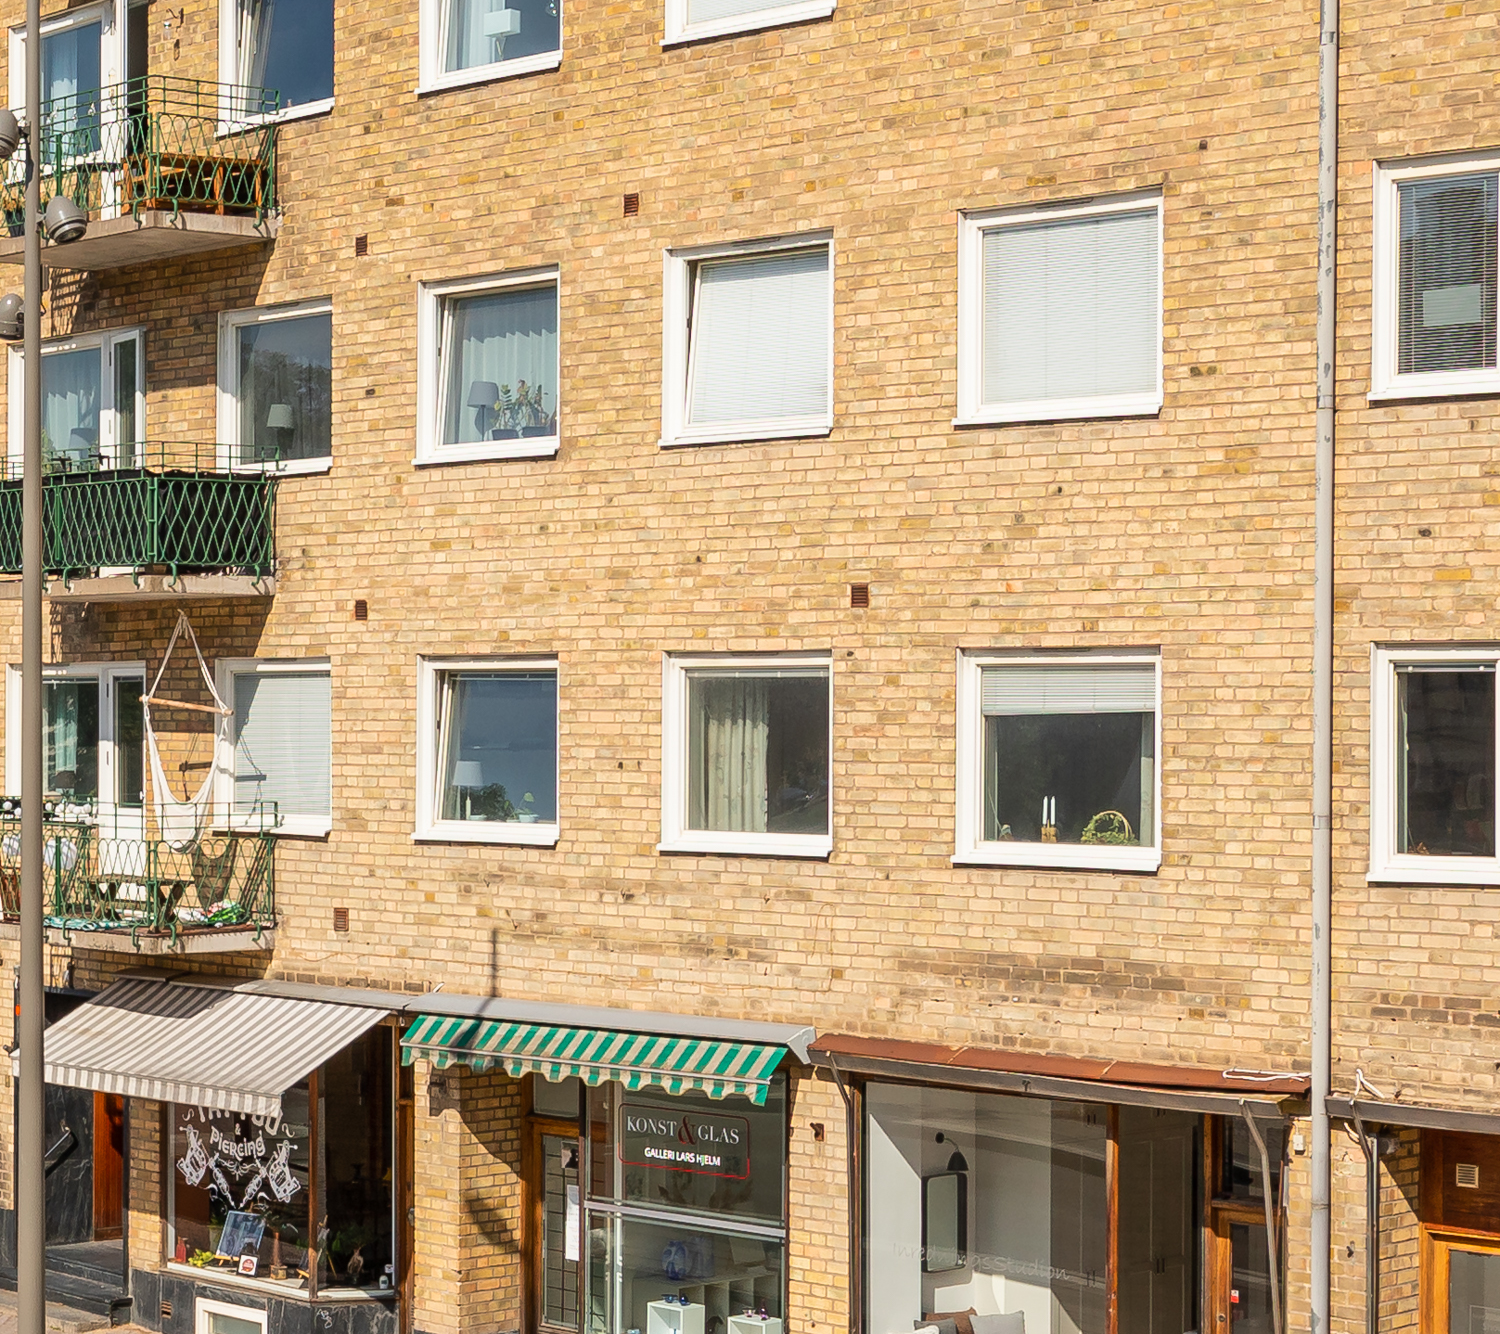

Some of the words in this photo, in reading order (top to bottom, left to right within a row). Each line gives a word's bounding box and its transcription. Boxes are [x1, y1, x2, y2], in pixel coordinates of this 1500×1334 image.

[626, 1115, 677, 1137] KONST
[677, 1115, 696, 1145] &
[697, 1124, 739, 1144] GLAS
[644, 1147, 675, 1161] GALLERI
[676, 1151, 695, 1163] LARS
[696, 1154, 721, 1167] HJELM
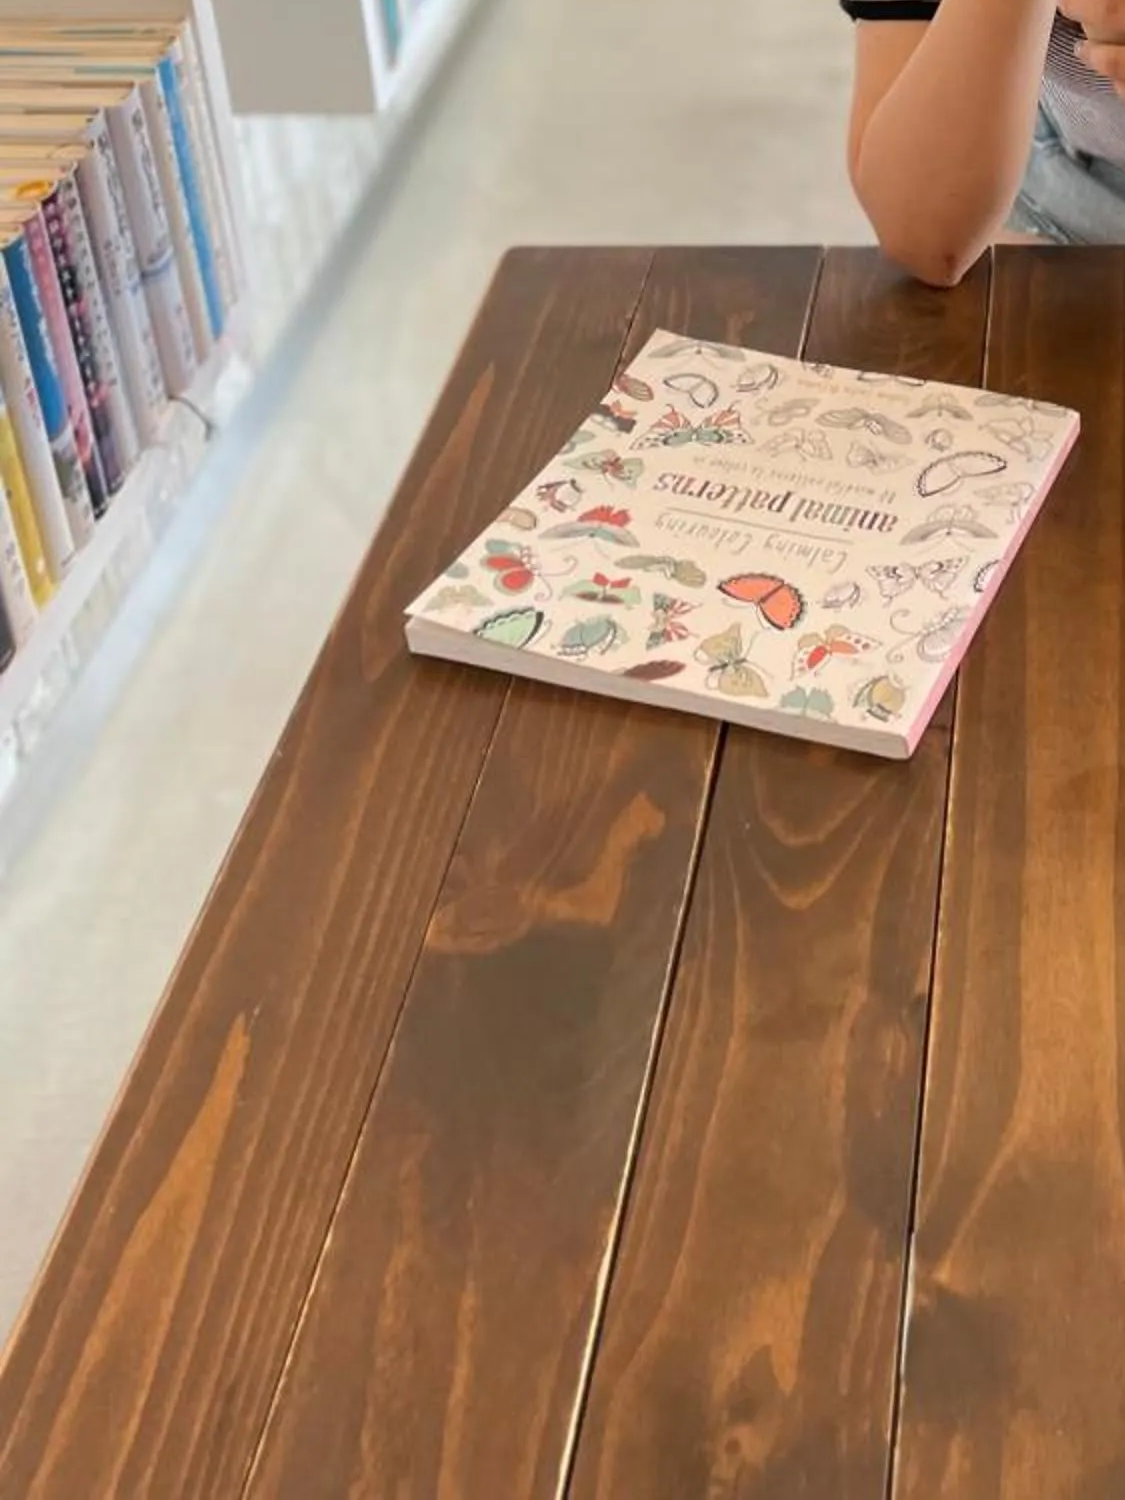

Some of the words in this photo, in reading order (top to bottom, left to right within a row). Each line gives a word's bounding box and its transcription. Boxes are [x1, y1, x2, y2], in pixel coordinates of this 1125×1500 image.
= = = = =
» Task:
With the pictures removed, set down the entire listing exactly.

» Response to this task:
Some of the words in this photo, in reading order (top to bottom, left to right within a row). Each line gives a word's bounding box and its transcription. Boxes are [x1, y1, x2, y2], in pixel coordinates of this 1500×1334 image.

[626, 1115, 677, 1137] KONST
[677, 1115, 696, 1145] &
[697, 1124, 739, 1144] GLAS
[644, 1147, 675, 1161] GALLERI
[676, 1151, 695, 1163] LARS
[696, 1154, 721, 1167] HJELM

Some of the words in this photo, in reading order (top to bottom, left to right within a row). Each line gives a word's bounding box and its transcription. Boxes are [x1, y1, x2, y2], in pixel coordinates of this 1125×1500 image.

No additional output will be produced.